WHAT TO WORK ON: None of the images should appear in your copy. Transcribe the data in full.

======== GIVEN RECORDS

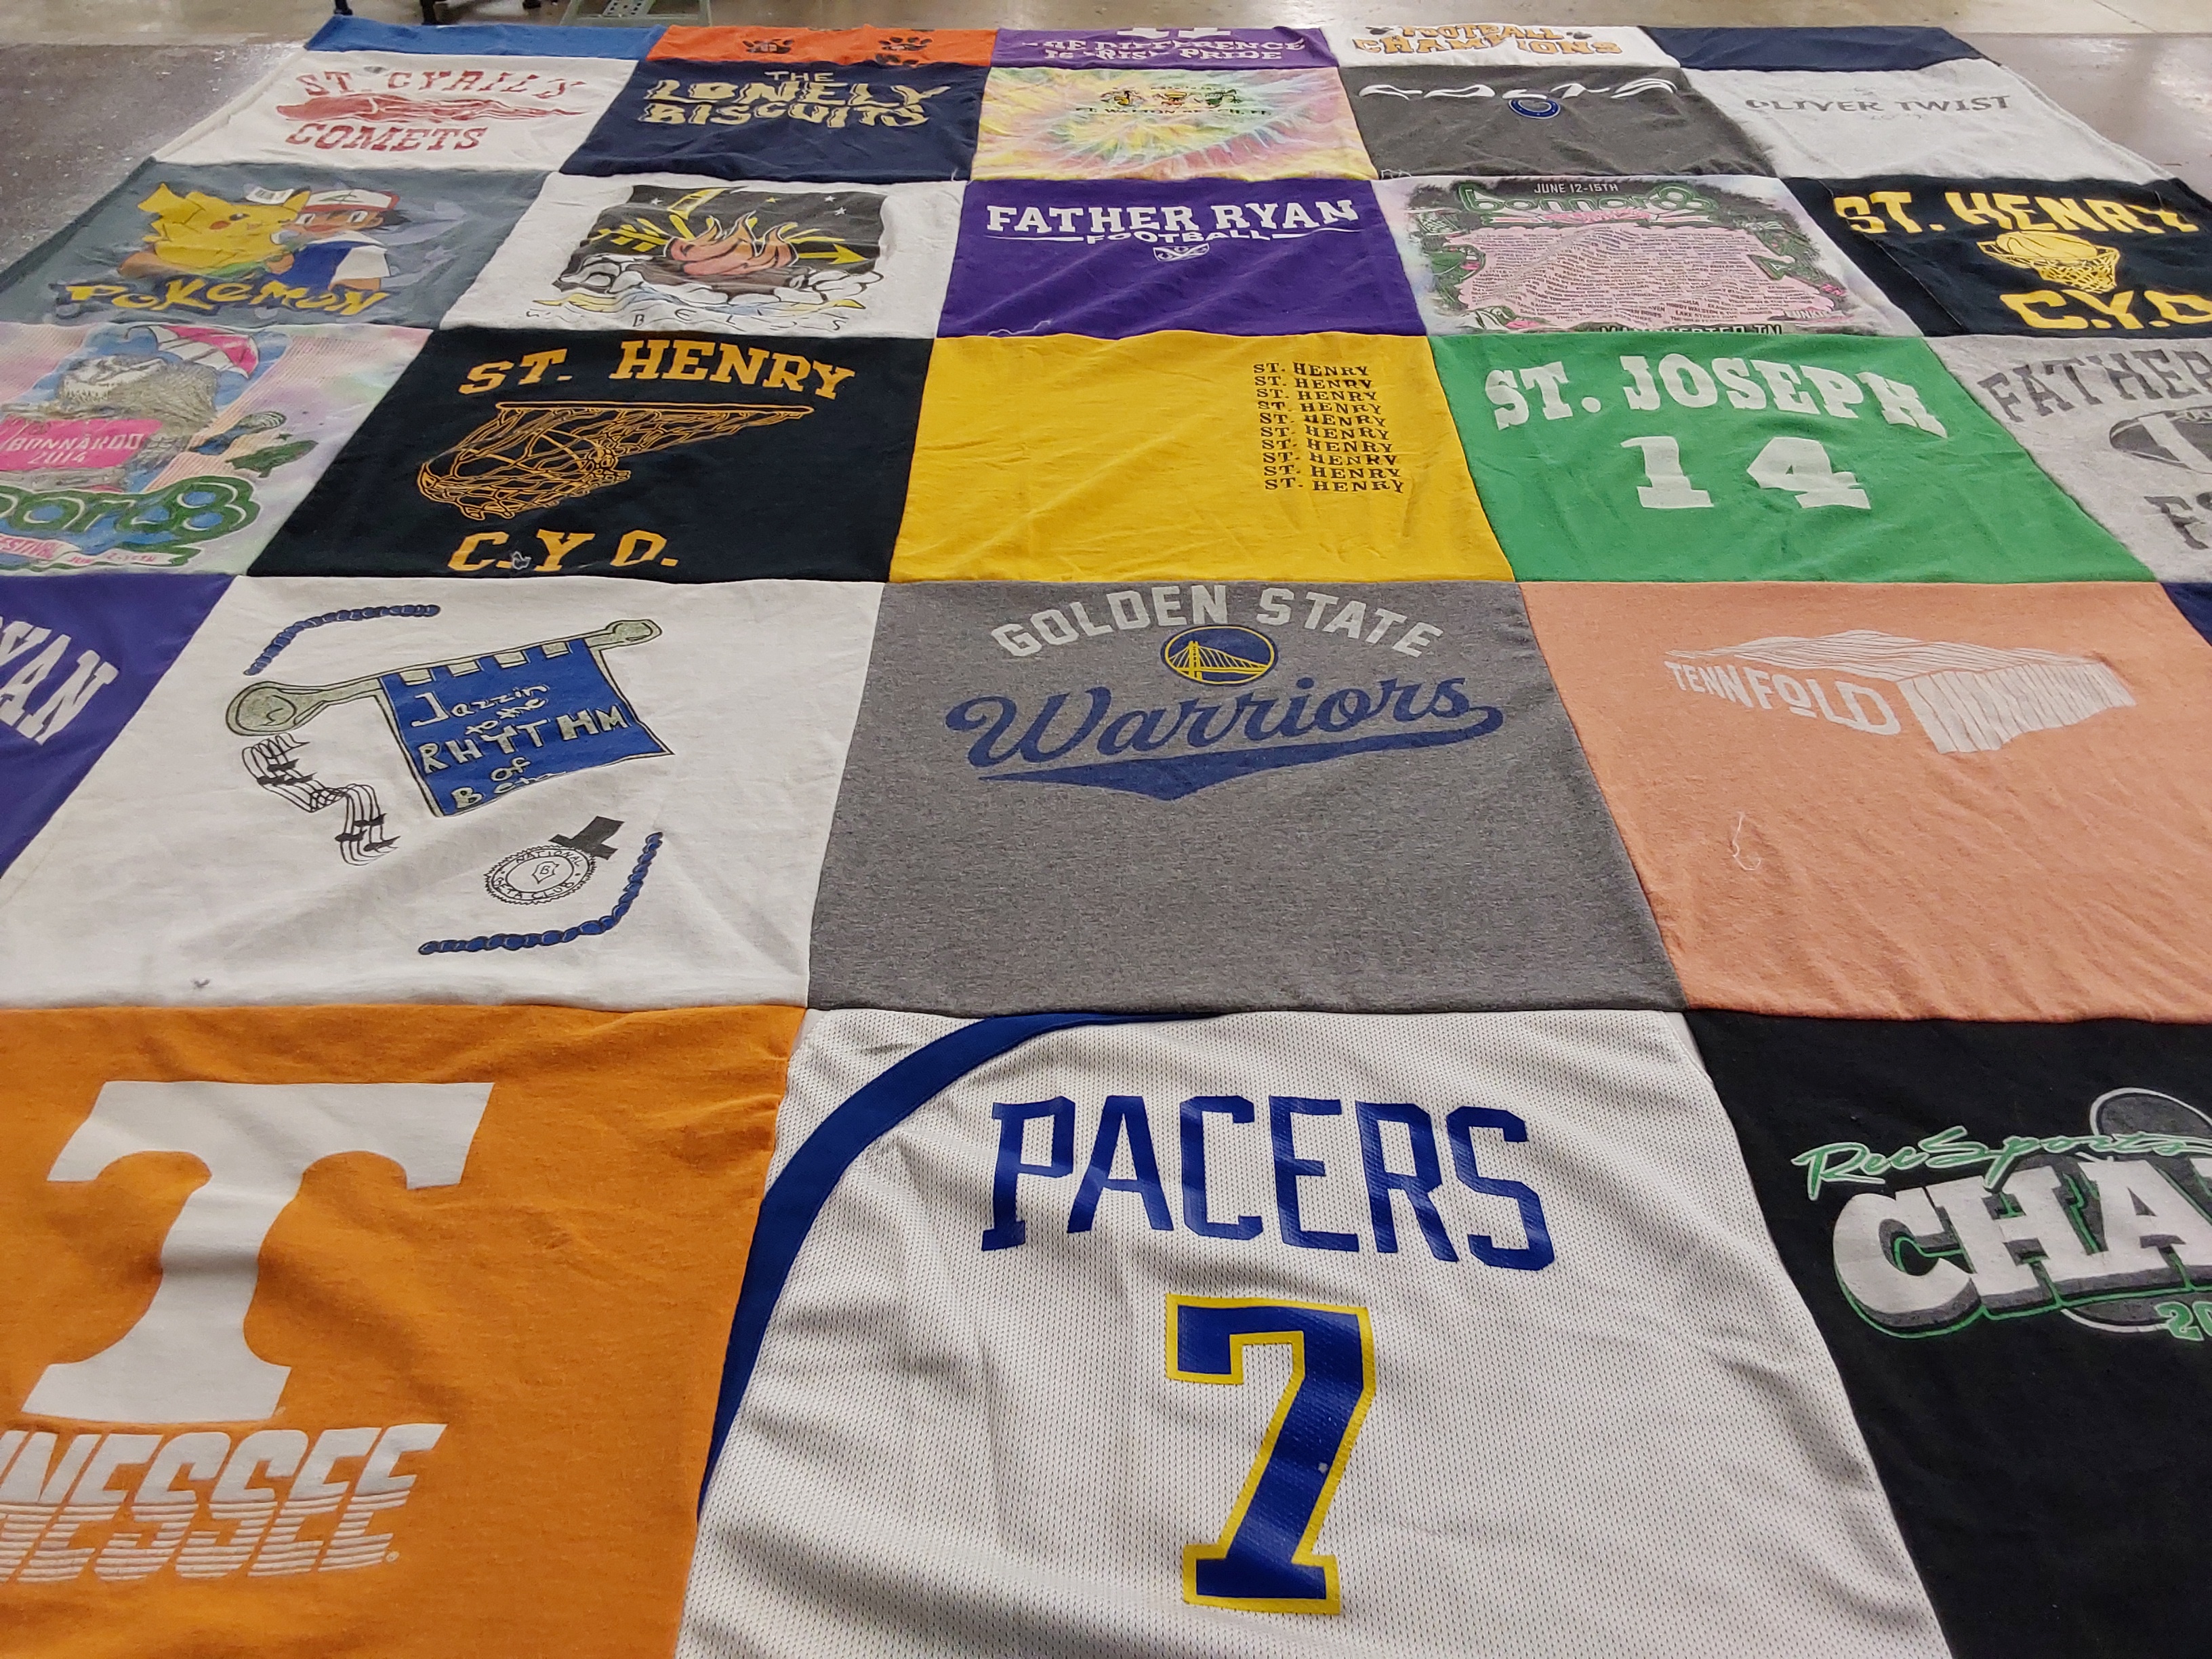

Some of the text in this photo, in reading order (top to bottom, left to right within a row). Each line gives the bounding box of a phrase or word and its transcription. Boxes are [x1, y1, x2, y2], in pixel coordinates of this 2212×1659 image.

[1400, 24, 1563, 40] FOOTBALL
[1353, 35, 1622, 54] CHAMPIONS
[1180, 49, 1282, 60] PRIDE
[764, 71, 834, 82] THE
[644, 79, 951, 106] LONELY
[1744, 95, 2011, 112] OLIVER TWIST
[638, 103, 930, 127] BISCUITS
[286, 123, 488, 152] COMETS
[1534, 183, 1619, 194] JUNE 12-15TH
[986, 199, 1359, 233] FATHER RYAN
[1833, 191, 2200, 234] ST. HENRY
[1087, 229, 1271, 245] FOOTBALL
[458, 339, 855, 401] ST. HENRY
[1254, 361, 1370, 376] ST. HENRY
[1254, 376, 1372, 389] ST. HENRY
[1256, 389, 1377, 401] ST. HENRY
[1485, 353, 1948, 438] ST. JOSEPH
[1258, 401, 1381, 415] ST. HENRY
[1260, 413, 1387, 428] ST. HENRY
[1261, 424, 1390, 440] ST. HENRY
[1262, 438, 1393, 453] ST. HENRY
[28, 451, 88, 465] 2014
[1263, 451, 1398, 466] ST. HENRY
[1264, 465, 1401, 480] ST. HENRY
[1265, 478, 1404, 493] ST. HENRY
[990, 584, 1443, 659] GOLDEN STATE
[0, 616, 119, 745] YAN
[411, 684, 550, 727] Jazzin
[945, 678, 1501, 779] Warriors
[490, 756, 532, 781] of
[516, 849, 581, 867] NATIONAL
[493, 877, 575, 900] BETA CLUB
[981, 1095, 1555, 1272] PACERS
[1832, 1156, 2212, 1322] CHA
[21, 1081, 495, 1424] T
[1166, 1293, 1376, 1615] 7

================

ANSWER BOX:
Some of the text in this photo, in reading order (top to bottom, left to right within a row). Each line gives the bounding box of a phrase or word and its transcription. Boxes are [x1, y1, x2, y2], in pixel coordinates of this 2212×1659 image.

[1400, 24, 1563, 40] FOOTBALL
[1353, 35, 1622, 54] CHAMPIONS
[1180, 49, 1282, 60] PRIDE
[764, 71, 834, 82] THE
[644, 79, 951, 106] LONELY
[1744, 95, 2011, 112] OLIVER TWIST
[638, 103, 930, 127] BISCUITS
[286, 123, 488, 152] COMETS
[1534, 183, 1619, 194] JUNE 12-15TH
[986, 199, 1359, 233] FATHER RYAN
[1833, 191, 2200, 234] ST. HENRY
[1087, 229, 1271, 245] FOOTBALL
[458, 339, 855, 401] ST. HENRY
[1254, 361, 1370, 376] ST. HENRY
[1254, 376, 1372, 389] ST. HENRY
[1256, 389, 1377, 401] ST. HENRY
[1485, 353, 1948, 438] ST. JOSEPH
[1258, 401, 1381, 415] ST. HENRY
[1260, 413, 1387, 428] ST. HENRY
[1261, 424, 1390, 440] ST. HENRY
[1262, 438, 1393, 453] ST. HENRY
[28, 451, 88, 465] 2014
[1263, 451, 1398, 466] ST. HENRY
[1264, 465, 1401, 480] ST. HENRY
[1265, 478, 1404, 493] ST. HENRY
[990, 584, 1443, 659] GOLDEN STATE
[0, 616, 119, 745] YAN
[411, 684, 550, 727] Jazzin
[945, 678, 1501, 779] Warriors
[490, 756, 532, 781] of
[516, 849, 581, 867] NATIONAL
[493, 877, 575, 900] BETA CLUB
[981, 1095, 1555, 1272] PACERS
[1832, 1156, 2212, 1322] CHA
[21, 1081, 495, 1424] T
[1166, 1293, 1376, 1615] 7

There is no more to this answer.